[PROBLEM DESCRIPTION]:
Word for word, print all of the lines below.

[MATERIAL FOR THIS EXERCISE]:
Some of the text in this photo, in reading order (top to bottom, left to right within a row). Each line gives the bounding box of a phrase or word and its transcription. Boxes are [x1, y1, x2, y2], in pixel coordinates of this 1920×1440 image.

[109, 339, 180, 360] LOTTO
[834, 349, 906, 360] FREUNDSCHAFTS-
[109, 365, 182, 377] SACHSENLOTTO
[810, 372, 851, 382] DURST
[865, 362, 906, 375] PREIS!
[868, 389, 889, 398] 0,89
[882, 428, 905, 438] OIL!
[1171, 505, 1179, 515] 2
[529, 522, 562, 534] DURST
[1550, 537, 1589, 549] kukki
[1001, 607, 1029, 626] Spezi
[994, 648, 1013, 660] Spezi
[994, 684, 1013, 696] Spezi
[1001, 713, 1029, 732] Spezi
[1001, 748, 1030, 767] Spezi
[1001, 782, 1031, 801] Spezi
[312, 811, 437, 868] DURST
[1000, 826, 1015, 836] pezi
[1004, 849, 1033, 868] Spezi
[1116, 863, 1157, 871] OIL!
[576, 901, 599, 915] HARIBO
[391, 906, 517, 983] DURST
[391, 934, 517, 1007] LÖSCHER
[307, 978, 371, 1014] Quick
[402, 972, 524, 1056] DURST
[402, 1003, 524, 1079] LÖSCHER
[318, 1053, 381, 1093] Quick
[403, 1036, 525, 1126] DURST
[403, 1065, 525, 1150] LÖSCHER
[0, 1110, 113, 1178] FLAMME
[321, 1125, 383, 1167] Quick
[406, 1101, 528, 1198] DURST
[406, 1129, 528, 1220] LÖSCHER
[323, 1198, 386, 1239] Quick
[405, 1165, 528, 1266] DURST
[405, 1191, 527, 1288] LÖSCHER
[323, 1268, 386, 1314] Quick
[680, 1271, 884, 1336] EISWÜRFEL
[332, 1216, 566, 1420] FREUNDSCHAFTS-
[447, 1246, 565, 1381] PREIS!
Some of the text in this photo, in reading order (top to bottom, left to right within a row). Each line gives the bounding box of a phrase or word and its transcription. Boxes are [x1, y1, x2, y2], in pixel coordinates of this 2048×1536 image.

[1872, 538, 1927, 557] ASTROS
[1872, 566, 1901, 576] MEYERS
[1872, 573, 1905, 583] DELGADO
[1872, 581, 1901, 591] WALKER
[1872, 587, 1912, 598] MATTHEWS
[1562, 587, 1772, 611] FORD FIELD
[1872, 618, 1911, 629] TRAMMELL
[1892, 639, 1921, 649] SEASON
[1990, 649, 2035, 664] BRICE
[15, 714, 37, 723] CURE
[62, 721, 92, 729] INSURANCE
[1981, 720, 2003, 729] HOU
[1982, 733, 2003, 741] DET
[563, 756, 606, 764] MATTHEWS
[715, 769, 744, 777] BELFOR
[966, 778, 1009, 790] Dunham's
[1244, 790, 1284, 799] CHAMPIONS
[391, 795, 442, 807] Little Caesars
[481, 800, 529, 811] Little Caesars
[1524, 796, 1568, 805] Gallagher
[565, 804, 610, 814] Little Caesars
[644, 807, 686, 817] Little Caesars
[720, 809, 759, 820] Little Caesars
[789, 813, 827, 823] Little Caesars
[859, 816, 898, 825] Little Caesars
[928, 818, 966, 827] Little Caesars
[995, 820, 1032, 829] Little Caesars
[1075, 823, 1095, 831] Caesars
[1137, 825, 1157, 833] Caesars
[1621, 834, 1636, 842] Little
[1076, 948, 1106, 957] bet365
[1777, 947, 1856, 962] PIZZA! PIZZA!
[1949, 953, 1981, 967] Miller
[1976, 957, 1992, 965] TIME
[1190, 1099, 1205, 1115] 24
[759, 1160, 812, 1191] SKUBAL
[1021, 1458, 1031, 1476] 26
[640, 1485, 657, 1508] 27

[RESULT FOR THIS TASK]:
Some of the text in this photo, in reading order (top to bottom, left to right within a row). Each line gives the bounding box of a phrase or word and its transcription. Boxes are [x1, y1, x2, y2], in pixel coordinates of this 1920×1440 image.

[109, 339, 180, 360] LOTTO
[834, 349, 906, 360] FREUNDSCHAFTS-
[109, 365, 182, 377] SACHSENLOTTO
[810, 372, 851, 382] DURST
[865, 362, 906, 375] PREIS!
[868, 389, 889, 398] 0,89
[882, 428, 905, 438] OIL!
[1171, 505, 1179, 515] 2
[529, 522, 562, 534] DURST
[1550, 537, 1589, 549] kukki
[1001, 607, 1029, 626] Spezi
[994, 648, 1013, 660] Spezi
[994, 684, 1013, 696] Spezi
[1001, 713, 1029, 732] Spezi
[1001, 748, 1030, 767] Spezi
[1001, 782, 1031, 801] Spezi
[312, 811, 437, 868] DURST
[1000, 826, 1015, 836] pezi
[1004, 849, 1033, 868] Spezi
[1116, 863, 1157, 871] OIL!
[576, 901, 599, 915] HARIBO
[391, 906, 517, 983] DURST
[391, 934, 517, 1007] LÖSCHER
[307, 978, 371, 1014] Quick
[402, 972, 524, 1056] DURST
[402, 1003, 524, 1079] LÖSCHER
[318, 1053, 381, 1093] Quick
[403, 1036, 525, 1126] DURST
[403, 1065, 525, 1150] LÖSCHER
[0, 1110, 113, 1178] FLAMME
[321, 1125, 383, 1167] Quick
[406, 1101, 528, 1198] DURST
[406, 1129, 528, 1220] LÖSCHER
[323, 1198, 386, 1239] Quick
[405, 1165, 528, 1266] DURST
[405, 1191, 527, 1288] LÖSCHER
[323, 1268, 386, 1314] Quick
[680, 1271, 884, 1336] EISWÜRFEL
[332, 1216, 566, 1420] FREUNDSCHAFTS-
[447, 1246, 565, 1381] PREIS!
Some of the text in this photo, in reading order (top to bottom, left to right within a row). Each line gives the bounding box of a phrase or word and its transcription. Boxes are [x1, y1, x2, y2], in pixel coordinates of this 2048×1536 image.

[1872, 538, 1927, 557] ASTROS
[1872, 566, 1901, 576] MEYERS
[1872, 573, 1905, 583] DELGADO
[1872, 581, 1901, 591] WALKER
[1872, 587, 1912, 598] MATTHEWS
[1562, 587, 1772, 611] FORD FIELD
[1872, 618, 1911, 629] TRAMMELL
[1892, 639, 1921, 649] SEASON
[1990, 649, 2035, 664] BRICE
[15, 714, 37, 723] CURE
[62, 721, 92, 729] INSURANCE
[1981, 720, 2003, 729] HOU
[1982, 733, 2003, 741] DET
[563, 756, 606, 764] MATTHEWS
[715, 769, 744, 777] BELFOR
[966, 778, 1009, 790] Dunham's
[1244, 790, 1284, 799] CHAMPIONS
[391, 795, 442, 807] Little Caesars
[481, 800, 529, 811] Little Caesars
[1524, 796, 1568, 805] Gallagher
[565, 804, 610, 814] Little Caesars
[644, 807, 686, 817] Little Caesars
[720, 809, 759, 820] Little Caesars
[789, 813, 827, 823] Little Caesars
[859, 816, 898, 825] Little Caesars
[928, 818, 966, 827] Little Caesars
[995, 820, 1032, 829] Little Caesars
[1075, 823, 1095, 831] Caesars
[1137, 825, 1157, 833] Caesars
[1621, 834, 1636, 842] Little
[1076, 948, 1106, 957] bet365
[1777, 947, 1856, 962] PIZZA! PIZZA!
[1949, 953, 1981, 967] Miller
[1976, 957, 1992, 965] TIME
[1190, 1099, 1205, 1115] 24
[759, 1160, 812, 1191] SKUBAL
[1021, 1458, 1031, 1476] 26
[640, 1485, 657, 1508] 27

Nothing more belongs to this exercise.